Basic Activity Info
- Creative Art
- Large Group
- Medium Group
- Small Group
- Classroom (small indoor space)
- Gymnasium (large indoor space)
Participants to learn about the Inuksuit and their cultural importance and use. Then they will build their own Inuksuk using rocks from outside.
Participants will collect rocks to use to build their own Inuksuk.
Pictures of Inuksuk to show participants before they build their own.
Have table space or floor space for participants to build their Inuksuit.
- Inuksuit (plural of Inuksuk) are stone figures created by the first inhabitants of the Canadian north, the Inuit.
- Inuksuit come in many shapes and sizes and have many functions and meanings. Some of them indicate danger zones or good hunting and fishing areas whereas others help point the direction home.
- Invite participants to build their own Inuksuk.
- Go outside and collect rocks in a pail.
- Afterwards, ask each participant to choose five rocks and to assemble them in the shape of an Inuksuk.
- Have the participants write their name on a piece of paper next to their Inuksuk.
- Glue the rocks together with Crazy Glue after the participants have gone home.
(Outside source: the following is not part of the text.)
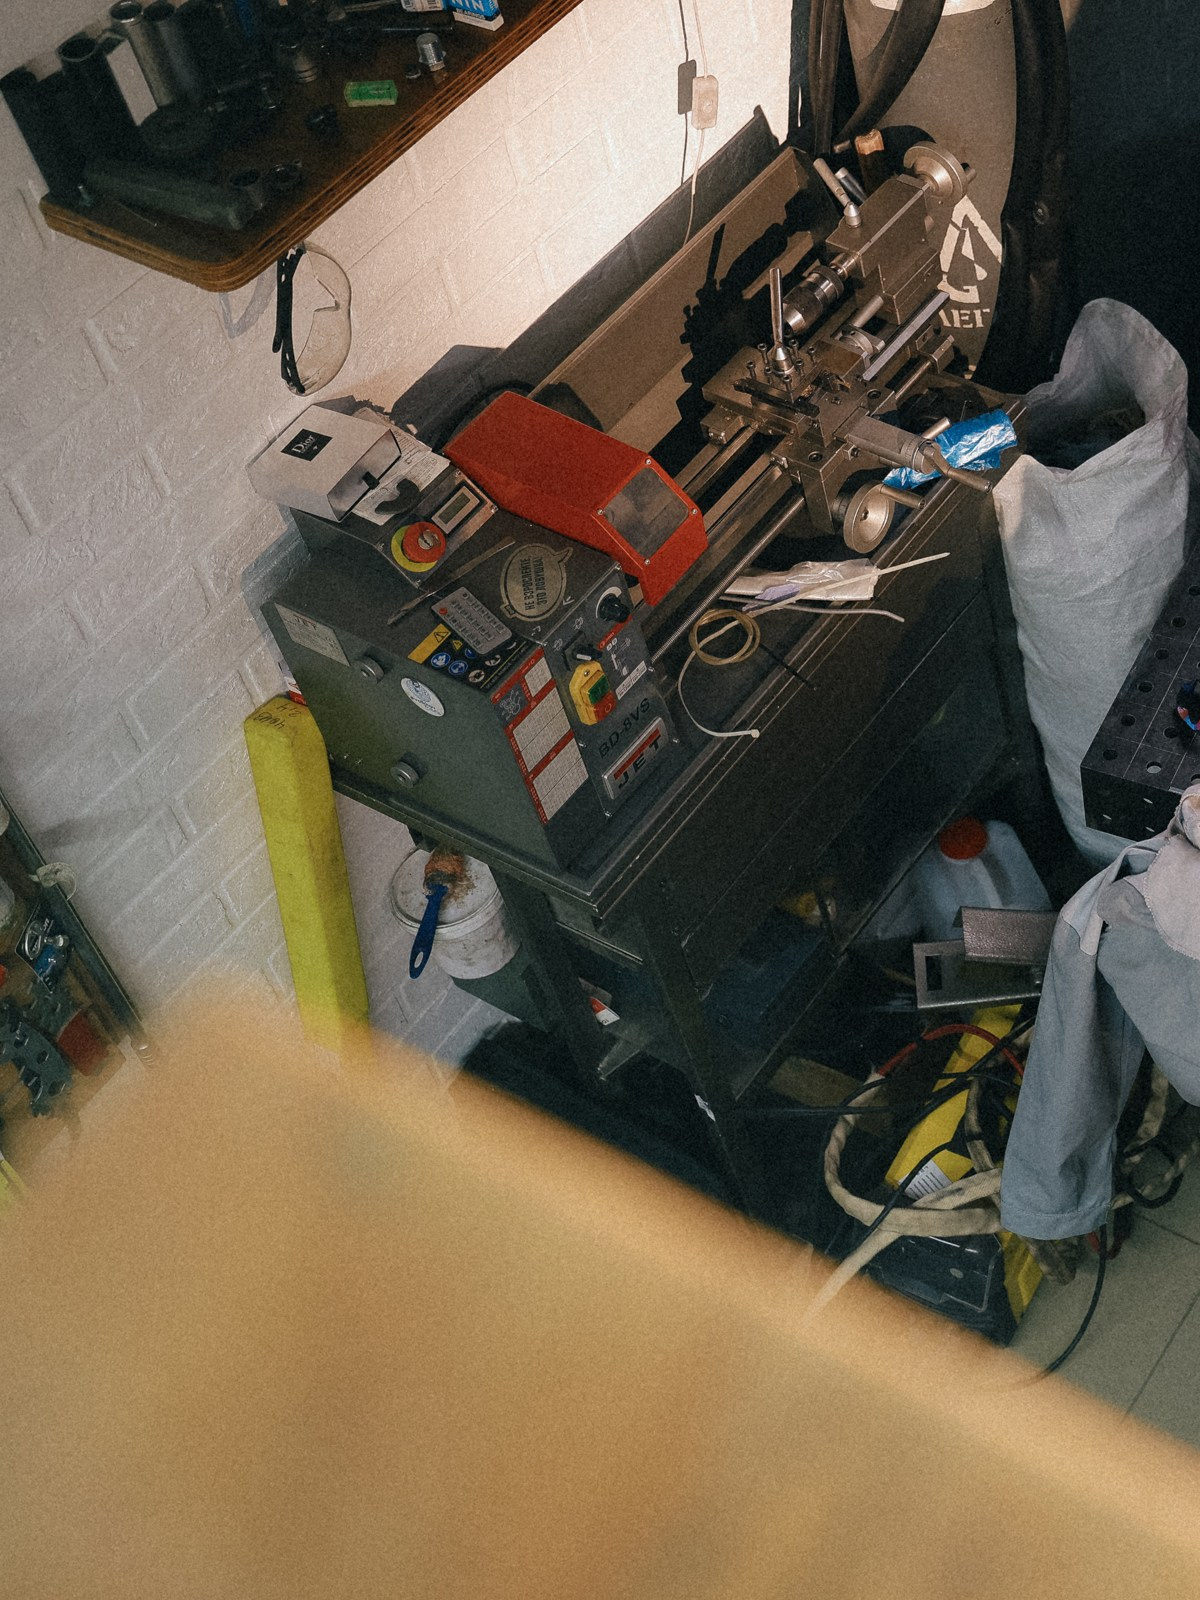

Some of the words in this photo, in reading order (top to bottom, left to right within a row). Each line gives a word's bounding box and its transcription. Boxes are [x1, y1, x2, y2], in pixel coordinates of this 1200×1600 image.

[291, 434, 315, 453] Dior
[598, 697, 650, 759] BD-8VS
[618, 734, 662, 789] JET
- Allow the rock formations to dry and hand them out the following day.
- Participants may use their Inuksuit as decorations, paperweights, or gifts.
When collecting rocks outside with participants, be sure they are always supervised.
Make sure the rocks are only being used to build Inuksuk's and are not being thrown.
Leader could collect the rocks before the activity for the participants.
Have the participants glue their own Inuksuk's.
Have other participants partner with those who are blind or visually impaired.
The rules can be changed so that the rocks are already collected and placed on the table/floor and ready for the children to start building in case a child cannot walk or collect the rocks on their own/with ease.